廣田:生き残りのために必死の業態転換が起きています。

坂井:もし、もう1回コロナが来て、1年ぐらい巣ごもりしても食って行けるようにするにはどうしたらいいか。そう考えて新しいビジネスを今、準備してるんですよ。コンテンツを作れる能力があって、自分のファンが一定数いれば、食っていけると思っていて。本だとか映像だとか、デザインとか。今はインサイトについての本を書いてますよ。抽象的な言葉を理解できるようにしたいと思っていて。僕自身も変化しています。

廣田:何か大きなものに寄らなくても、クリエイティブなことができれば、いま発信ツールはありますからね。

坂井:堀江貴文さんのような、オンラインサロンを開く生き方っていうのも出てくる。

廣田:また、坂井さんへの質問が来ています。海外から日本を長年見られている坂井さんにとって、日本や日本人の強みとは何でしょうか。この機会に日本はどう変わるべきでしょうか。先ほど、日本はハイテクを持っているけれど保守的という話が出ましたが。

坂井:周辺の国で言うと、例えば、中国4000年の歴史とよく言いますよね。けれど建国は70年前ですから、若い国と理解したほうがいいと思っています。その意味で言うと、日本は歴史ある古い国なんですよ。だから保守的で、変化したくない人も圧倒的に多いのだと思う。でもその中で、長年続いて来た常識的なビジネスとは異なる道で、パーッと現れて利益を上げる人たちがいます。堀江さんとか、『好奇心とイノベーション』で対談したチームラボの猪子寿之さんとか、異人、異能の人たちですね。日本にもいるんです、異能の人が。コンサバティブな資本と結びつきにくいので、完全に力が発揮できていなかったり、見えにくかったりもしますが。

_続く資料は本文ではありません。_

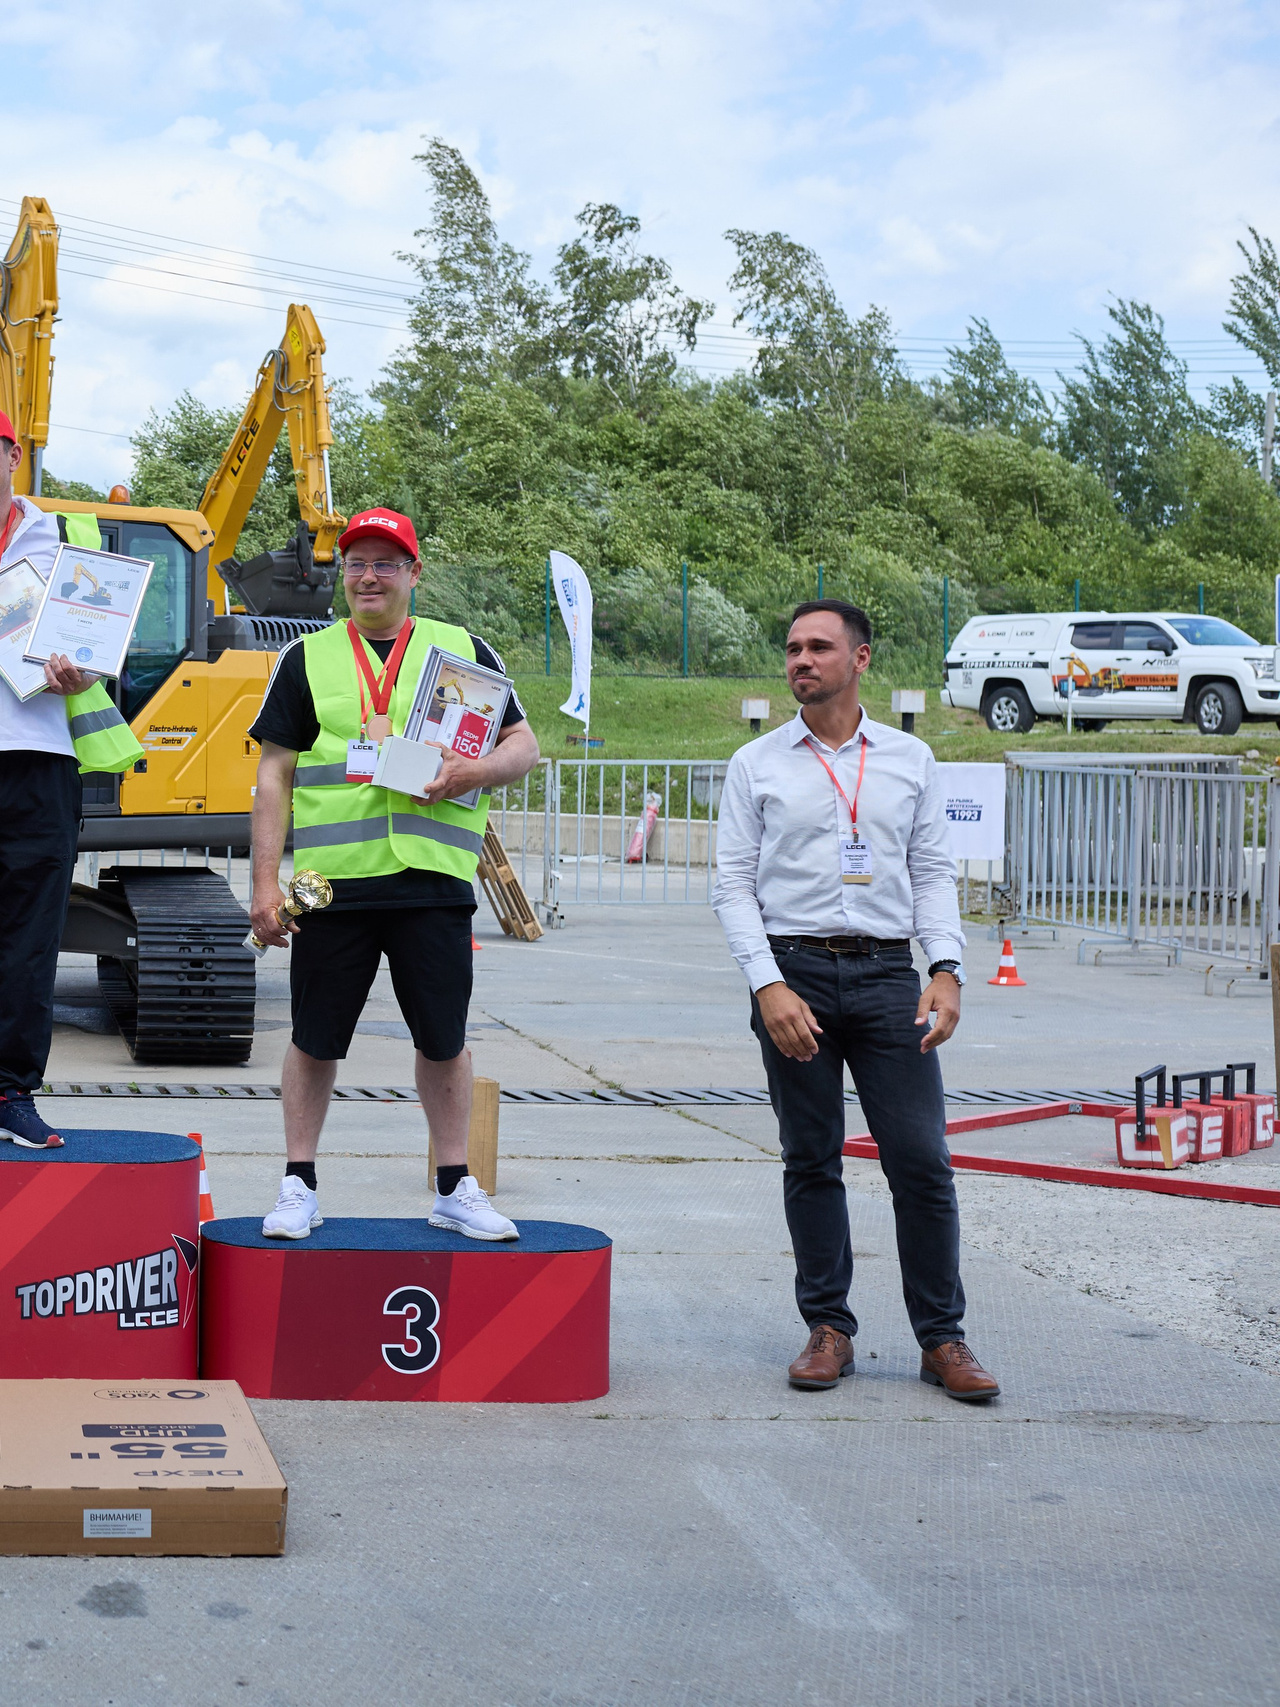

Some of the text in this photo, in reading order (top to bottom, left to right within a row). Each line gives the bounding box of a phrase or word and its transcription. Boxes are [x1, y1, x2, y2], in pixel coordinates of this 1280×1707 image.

[359, 516, 399, 530] LGCE
[67, 606, 108, 622] ДИПЛОМ
[148, 724, 198, 733] Electro-Hydraulic
[161, 737, 183, 745] Control
[455, 735, 480, 757] 15C
[954, 809, 979, 821] 1993
[16, 1246, 179, 1319] TOPDRIVER
[381, 1286, 442, 1376] 3
[89, 1513, 142, 1522] ВНИМАНИЕ!

廣田:本で紹介されている人たちは皆さん、わざとではなく真剣に“変なこと”や、異質なことを語っていますよね。

坂井:その通りです。本気ですね。また、これからは、90年代後半以降に生まれたZ世代の人たちがどんなことをやらかすのか、楽しみです。

廣田:日本の人口が少なくなっていっても、新しい潮流が出てくるのは、やはり若い世代からだと思います。

坂井:組織でイノベーションを起こそうとして、例えば、5人とか10人とかのグループを作って、セオリーに従ってデザインシンキングをやるとしますよね。でもやっぱりそこには、ひとり異能の人がいないと、普通の答えしか出てこない。やばい人が必要なんです。

廣田:かき回す人とか、違う意見を言う人というのが必要だってことですね。ただ、日本の会社って、人事が同質的な人を採用しがちという話も聞きます。面接で自分と似たような人がいると、居心地がいいっていうところがあるんでしょうけれど。異能の人とか、尖った人って、組織で居心地が悪かったりしますよね。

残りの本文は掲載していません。